AMY GOODMAN: This is Democracy Now!, democracynow.org, The War and Peace Report, as we continue with Part 2 of our discussion with Hagai El-Ad. He is the executive director of the human rights group B’Tselem. He testified Thursday in front of the United Nations Security Council about the crisis in Gaza and the West Bank. He had testified there before, but this was the first official briefing he has done.

Talk about the significance of this moment, and talk more about what you had to say and what you were trying to convey to the world.

HAGAI EL-AD: So, what was key for us is really trying to spell out the daily reality for a Palestinian living under occupation, in the moments that don’t necessarily make the news, when soldiers enter a Palestinian home in the dead of night—and people abroad might assume that they have a search warrant or probable cause or something like that, but, no, military law gives almost any soldier the authority to enter any Palestinian home any time, and the army does—and a million other ways in which Palestinians, day in and day out, have absolutely no control over their lives, have no representation in the Israeli institutions that determine everything in the life of a Palestinian, and to try and explain that, to give flesh and blood to the meaning of living under that regime, not for a month, not for a year, not for a decade—an entire people for more than half a century in that reality.

AMY GOODMAN: And there you’re talking about the West Bank.

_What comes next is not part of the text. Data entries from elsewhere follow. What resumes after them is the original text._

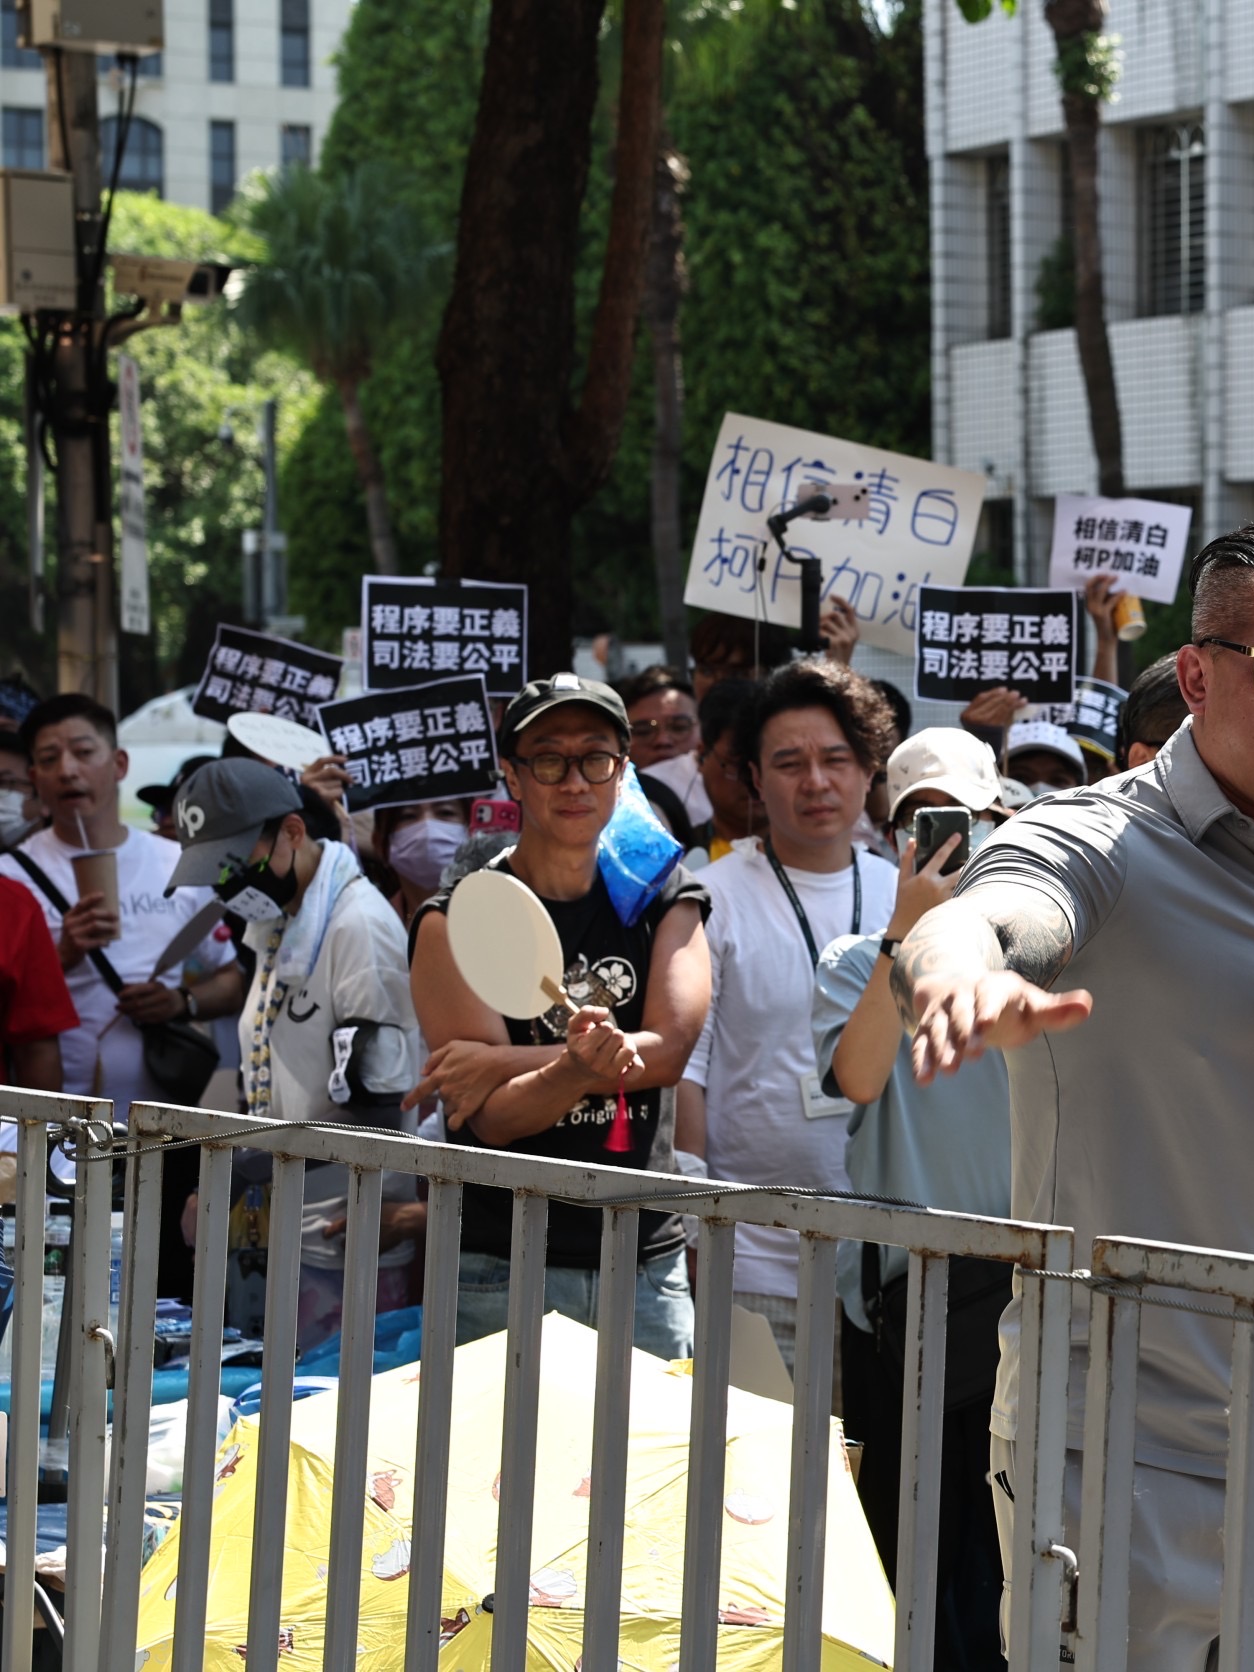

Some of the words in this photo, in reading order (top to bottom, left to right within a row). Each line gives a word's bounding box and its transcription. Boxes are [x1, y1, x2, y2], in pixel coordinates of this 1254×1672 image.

[1073, 516, 1168, 549] 相信清白
[1072, 546, 1161, 578] 柯P加油
[370, 603, 521, 639] 程序要正義
[922, 610, 1070, 646] 程序要正義
[213, 645, 336, 699] 程序要正義
[371, 639, 521, 673] 司法要公平
[922, 646, 1069, 682] 司法要公平
[329, 700, 487, 755] 程序要正義
[343, 738, 491, 788] 司法要公平
[570, 1104, 634, 1126] Originl

In Gaza, people are being killed regularly. There’s the Great March of Return protests that began on March 30th. And your official figures for how many people the Israeli military has killed since then?

HAGAI EL-AD: It’s more than 170 fatalities. More than 30 of them were minors, under 18. Three of them were actually children. They were 11 years old. These are the youngest ones that were killed since March 30. And more than 5,300 that were injured from live gunfire.

But it’s really important for me to emphasize that Gaza is also another example of Israeli control. Israel controls everything between the river and the sea. In Gaza, the control is external. We decide what and who gets in and out of the Gaza Strip, except of the Rafah Crossing with Egypt that is closed most of the time. We control the population registry in Gaza. If you’re a Palestinian in Gaza and you need medical care—not necessarily even in Israel; you need medical care in the West Bank or in Jordan—you need an Israeli permit for that. We control everything in different ways, directly or indirectly.

AMY GOODMAN: So, you have the 170 Palestinians, at least, killed, 5,000 shot by Israeli military snipers. And the number that is used so often—18,000—goes beyond the shootings. Is that right?

HAGAI EL-AD: Correct.

AMY GOODMAN: People injured by?

HAGAI EL-AD: Tear gas, other forms of ammunition and so on. Those are figures that are less precise, and we don’t have accurate figures for them.

AMY GOODMAN: I wanted to ask you about Israel’s plans to demolish the Palestinian Bedouin village of Khan al-Ahmar. On Monday, Israeli forces arrested four villagers, injured seven people, as they protested the arrival of the demolition teams. This is Bedouin villager Ahmad Abu Dahouk speaking last month.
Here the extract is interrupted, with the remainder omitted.